*** Opening The input ***
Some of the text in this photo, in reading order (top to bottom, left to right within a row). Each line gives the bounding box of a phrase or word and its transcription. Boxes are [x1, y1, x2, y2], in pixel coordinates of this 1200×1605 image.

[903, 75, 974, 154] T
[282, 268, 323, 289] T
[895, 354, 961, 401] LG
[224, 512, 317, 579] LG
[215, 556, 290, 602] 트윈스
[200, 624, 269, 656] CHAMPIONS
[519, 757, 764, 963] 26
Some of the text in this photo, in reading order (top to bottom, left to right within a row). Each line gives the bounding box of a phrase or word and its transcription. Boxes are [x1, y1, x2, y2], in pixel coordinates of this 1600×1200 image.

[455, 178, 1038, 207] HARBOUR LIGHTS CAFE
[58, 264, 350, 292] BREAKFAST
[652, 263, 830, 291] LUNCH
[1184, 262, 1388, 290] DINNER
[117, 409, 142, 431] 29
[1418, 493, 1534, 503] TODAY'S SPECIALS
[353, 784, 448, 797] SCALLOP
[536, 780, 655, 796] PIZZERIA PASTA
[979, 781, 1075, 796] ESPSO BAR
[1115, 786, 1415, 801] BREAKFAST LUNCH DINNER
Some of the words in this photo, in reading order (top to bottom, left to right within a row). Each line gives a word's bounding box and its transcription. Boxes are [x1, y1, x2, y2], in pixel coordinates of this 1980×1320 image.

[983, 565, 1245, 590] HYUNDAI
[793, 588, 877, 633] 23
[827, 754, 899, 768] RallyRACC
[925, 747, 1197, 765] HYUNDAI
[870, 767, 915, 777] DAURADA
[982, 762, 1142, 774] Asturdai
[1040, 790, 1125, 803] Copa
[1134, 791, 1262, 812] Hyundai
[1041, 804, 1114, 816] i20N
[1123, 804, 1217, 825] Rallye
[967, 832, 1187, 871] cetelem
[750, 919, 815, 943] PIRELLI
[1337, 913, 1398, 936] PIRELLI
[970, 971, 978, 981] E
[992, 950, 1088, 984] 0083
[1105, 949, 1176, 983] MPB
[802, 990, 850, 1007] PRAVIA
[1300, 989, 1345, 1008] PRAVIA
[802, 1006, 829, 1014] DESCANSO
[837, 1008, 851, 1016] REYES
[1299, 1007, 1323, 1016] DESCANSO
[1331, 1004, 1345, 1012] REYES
*** Closing The input ***
Repeat the entries exactly, leaving nothing out.

▶ Output for this task:
Some of the text in this photo, in reading order (top to bottom, left to right within a row). Each line gives the bounding box of a phrase or word and its transcription. Boxes are [x1, y1, x2, y2], in pixel coordinates of this 1200×1605 image.

[903, 75, 974, 154] T
[282, 268, 323, 289] T
[895, 354, 961, 401] LG
[224, 512, 317, 579] LG
[215, 556, 290, 602] 트윈스
[200, 624, 269, 656] CHAMPIONS
[519, 757, 764, 963] 26
Some of the text in this photo, in reading order (top to bottom, left to right within a row). Each line gives the bounding box of a phrase or word and its transcription. Boxes are [x1, y1, x2, y2], in pixel coordinates of this 1600×1200 image.

[455, 178, 1038, 207] HARBOUR LIGHTS CAFE
[58, 264, 350, 292] BREAKFAST
[652, 263, 830, 291] LUNCH
[1184, 262, 1388, 290] DINNER
[117, 409, 142, 431] 29
[1418, 493, 1534, 503] TODAY'S SPECIALS
[353, 784, 448, 797] SCALLOP
[536, 780, 655, 796] PIZZERIA PASTA
[979, 781, 1075, 796] ESPSO BAR
[1115, 786, 1415, 801] BREAKFAST LUNCH DINNER
Some of the words in this photo, in reading order (top to bottom, left to right within a row). Each line gives a word's bounding box and its transcription. Boxes are [x1, y1, x2, y2], in pixel coordinates of this 1980×1320 image.

[983, 565, 1245, 590] HYUNDAI
[793, 588, 877, 633] 23
[827, 754, 899, 768] RallyRACC
[925, 747, 1197, 765] HYUNDAI
[870, 767, 915, 777] DAURADA
[982, 762, 1142, 774] Asturdai
[1040, 790, 1125, 803] Copa
[1134, 791, 1262, 812] Hyundai
[1041, 804, 1114, 816] i20N
[1123, 804, 1217, 825] Rallye
[967, 832, 1187, 871] cetelem
[750, 919, 815, 943] PIRELLI
[1337, 913, 1398, 936] PIRELLI
[970, 971, 978, 981] E
[992, 950, 1088, 984] 0083
[1105, 949, 1176, 983] MPB
[802, 990, 850, 1007] PRAVIA
[1300, 989, 1345, 1008] PRAVIA
[802, 1006, 829, 1014] DESCANSO
[837, 1008, 851, 1016] REYES
[1299, 1007, 1323, 1016] DESCANSO
[1331, 1004, 1345, 1012] REYES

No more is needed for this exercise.